Un eterno fantasma de neón


Un eterno fantasma de neón

Una luz de poste de la avenida Tacna (antes del cruce con el puente San Rosa) la alumbraba de manera particular. Menuda, morena, pelo corto, sin zapatos, un polo, una falda y las manos juntas, como si acabara de rezar o como si fuera otra luz de neón, caída, quemada o aventada. Nueve años después, la sigo viendo debajo de los postes o arrastrando su cuerpo sin que nadie más la note, nadie más que yo, que no puedo tocar el recuerdo, borrarlo o cambiar lo que pasó.
 
A simple vista era otra loca de la calle, pero lo que me llamó la atención fue...

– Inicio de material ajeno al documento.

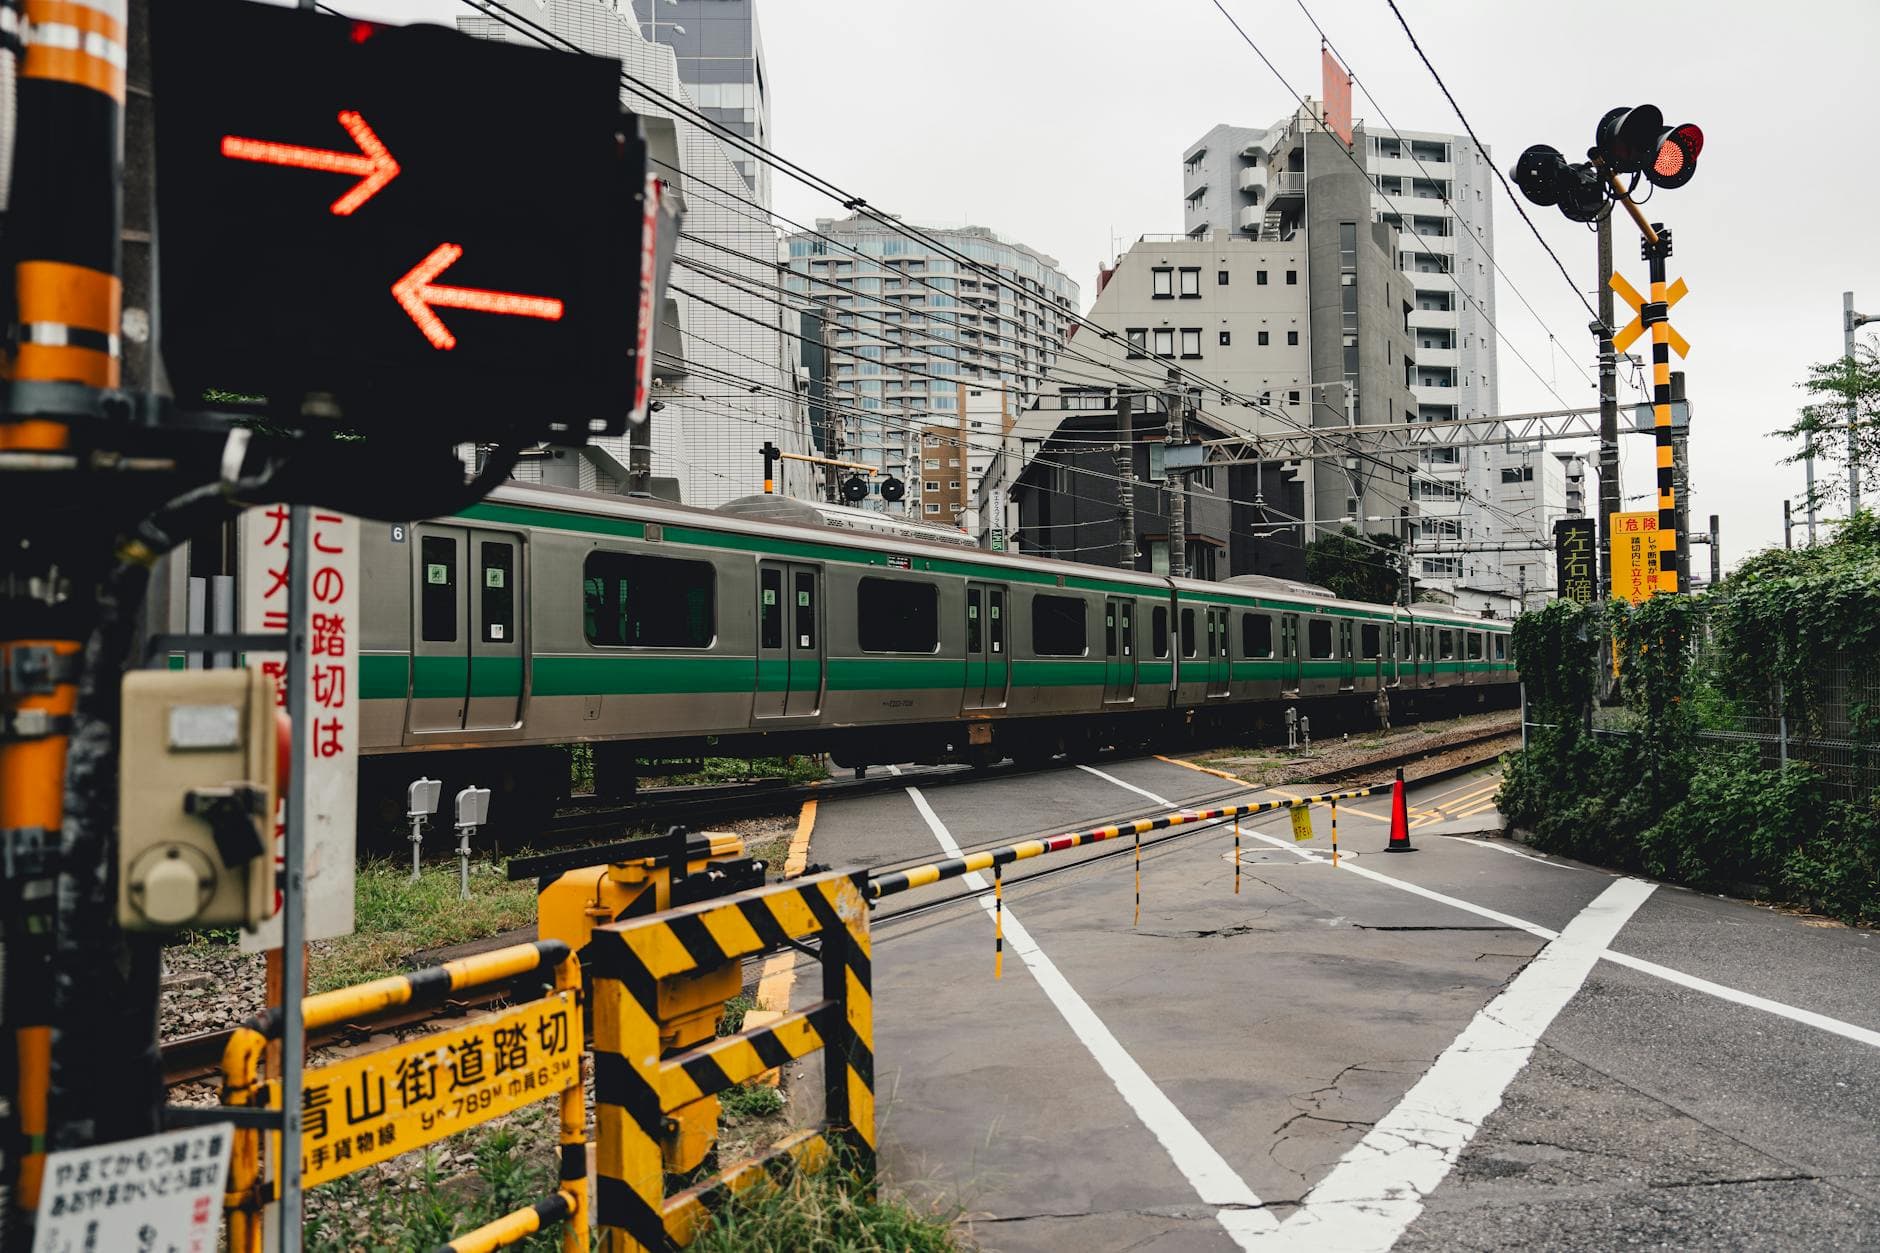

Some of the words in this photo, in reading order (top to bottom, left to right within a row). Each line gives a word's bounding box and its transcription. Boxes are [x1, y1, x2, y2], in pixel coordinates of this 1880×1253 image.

[393, 527, 403, 540] 6
[311, 514, 345, 758] この踏切は
[302, 1010, 568, 1140] 青山街道踏切
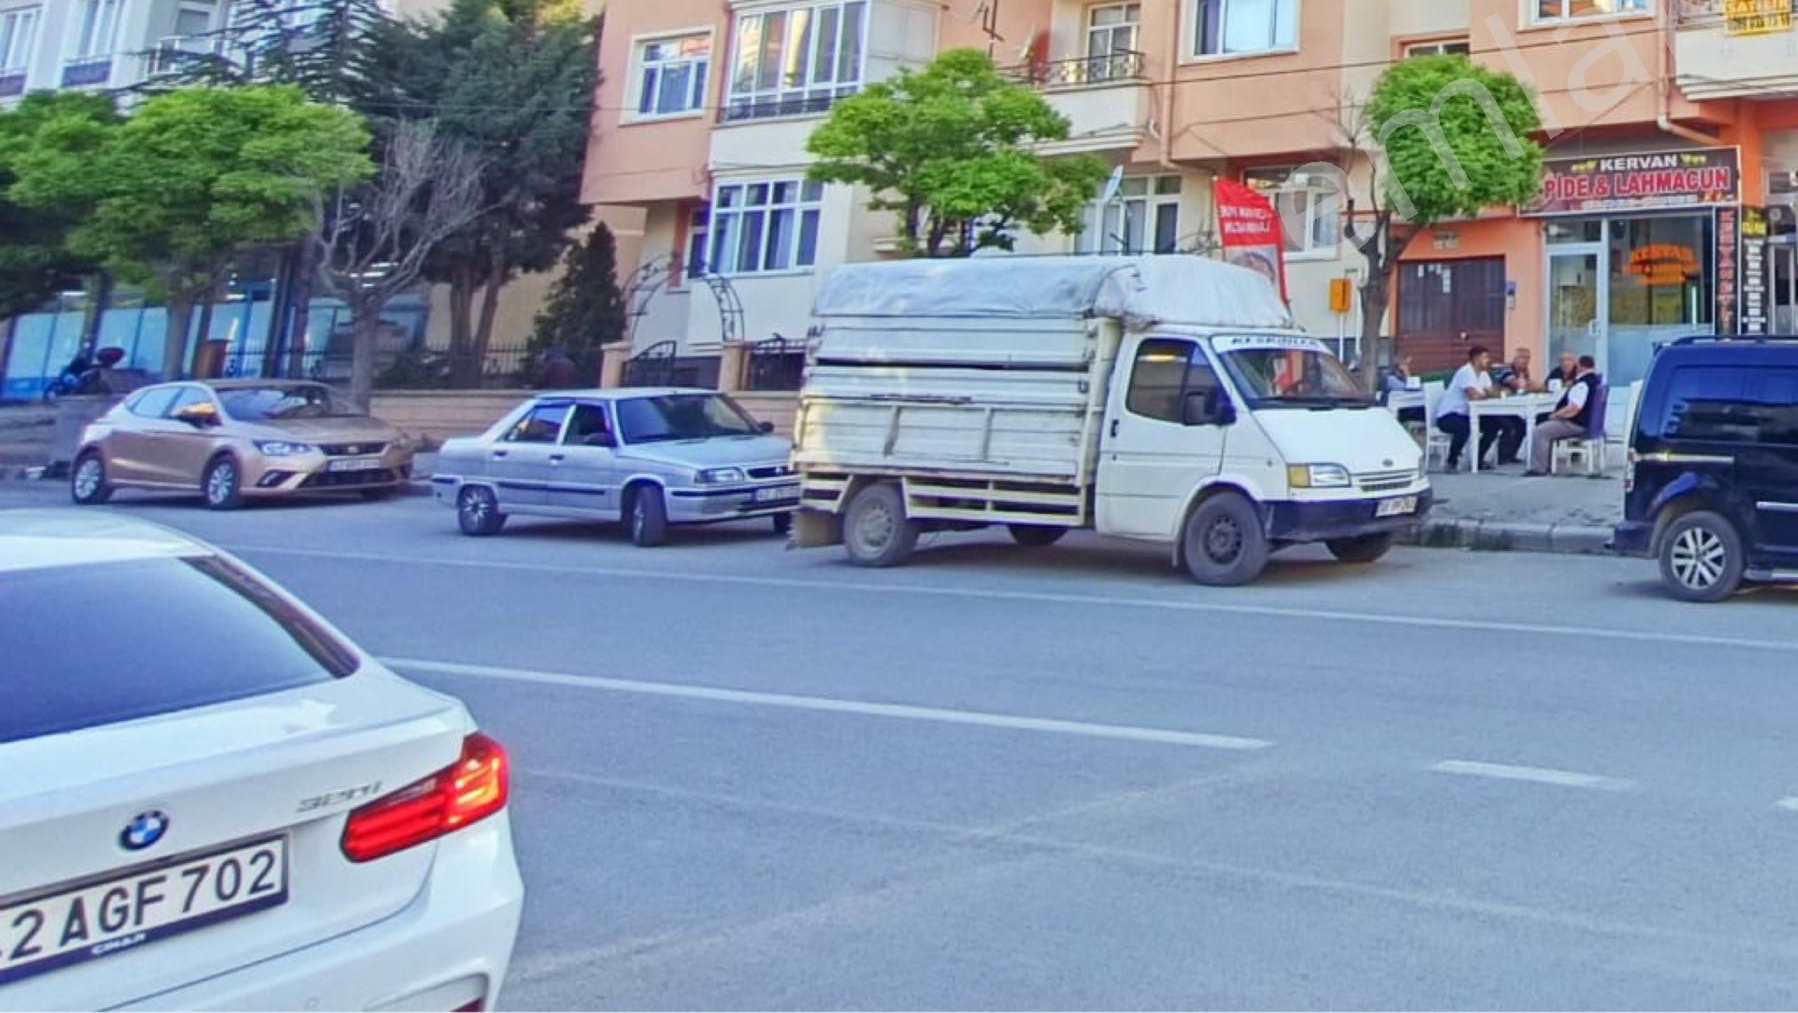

su ropa. Estaba limpia. Debía de estar perdida. Más allá de eso, había algo que quizá compartíamos. Yo le temía a la locura. Sin embargo, ella ya había cruzado ese puente. Su cerebro se guardaba ya entre esos olores y líquidos que lo habían dañado y destruido, convirtiéndola en otra persona. Quería tocarle la mano y salvarme de ella, llevándola a algún lugar en donde la reclamaran. Estaba perdida. Me lo repetí durante años. Me acerqué y las dos fuimos alumbradas por la luz del mismo poste que cayó como una enfermedad. Intenté alcanzarle una moneda, pero ella no extendía la mano, solo los ojos. Me miraba como si pudiera lanzar animales a mi cara y los animales volvían a ser solo sus ojos sin que ninguna mueca los acompañara. Era marzo de 2003, yo tenía 21 años y el terror absoluto a que mi cabeza me traicionara, justo como a la mujer que tenía frente a mí. Entonces, huí. Salí corriendo y lo primero que se apareció cortando mi paso hacia el otro lado de la avenida fue la puerta trasera y abierta de la 73A, mostrando sus escaleras metálicas para que las suba. Lo hice. Me senté, toqué la ventana y temblé. Cuando la 73 avanzó, me toqué el pecho y lamenté no haber hecho algo más por esa mujer. Apoyé mi mano sobre el asiento y sentí a otra persona. Disculpe, dije. Cuando levanté la vista, la vi. Era ella.
 
Una princesita sucia y de plástico
 
Me había seguido y estaba sentada a mi lado. Me guiaría no solo por Lima, sino por el infierno de la culpa que se extendió hasta hoy. Tocaría mi temor a la locura y la seguridad patológica de creer que esta salta de un cuerpo a otro, de una cabeza fermentada a otra cuando reconoce a un posible portador. Y ahí estaba ella, esperando por mi cabeza, por mi enfermedad, por mí y las malditas palabras que cobrarían sentido cuando escribiera mucho después sobre esa noche y la convirtiera en un personaje que se arrastra en mi memoria tal como lo hacen los indigentes en la calle con sus cuerpos o, como yo los llamo, sus últimos lugares, situados en fronteras imposibles, después de haber perdido la cordura, los recuerdos y, a veces, las últimas palabras.
 
Sentadas y sin decir mucho, dejamos atrás la avenida Tacna. Empezamos a mirarnos con cautela. Pero quise preguntar, saber. Dijo su nombre completo, después habló con monosílabos y poco a poco fue hablando de sí misma. Su nombre: Doris Murayari Sangama. Tenía aproximadamente 45 años, pero repetía la palabra princesa. “Soy una princesa de plástico de quince años”, remataba y después se desesperaba diciéndome que debía buscar a su hija, que la había dejado en una caja y, las polillas, las malditas polillas, debían de estar sobre ella devorando junto a los gusanos lo que quedaba. Pronto la olvidaba y seguía hablando. No tenía más de catorce años cuando la trajeron de la selva a trabajar en la casa de una ‘madrina’ suya. Debía limpiar siempre, no quejarse, quedarse callada, dormir sobre los cartones y las mantas que ya nadie usaba. “Mucho me pegaba”. ¿Dónde vives? En la avenida Túpac Amaru. La siguiente parada fue en la comisaría de San Isidro. “Regrésela donde la encontró, señorita”. Doris, sentada en una silla del pasadizo, me buscaba con los ojos y me extendía la mano. “Vamos, vamos ya, vamos ya”. “Si sigue gritando, señorita, la vamos a encerrar por faltar el respeto a la autoridad”. Poco después estábamos las dos dentro de una patrulla. Nos llevarían a una comisaría en la que quizá podrían hacer algo como redactar, buscar familiares, un refugio… papeleo.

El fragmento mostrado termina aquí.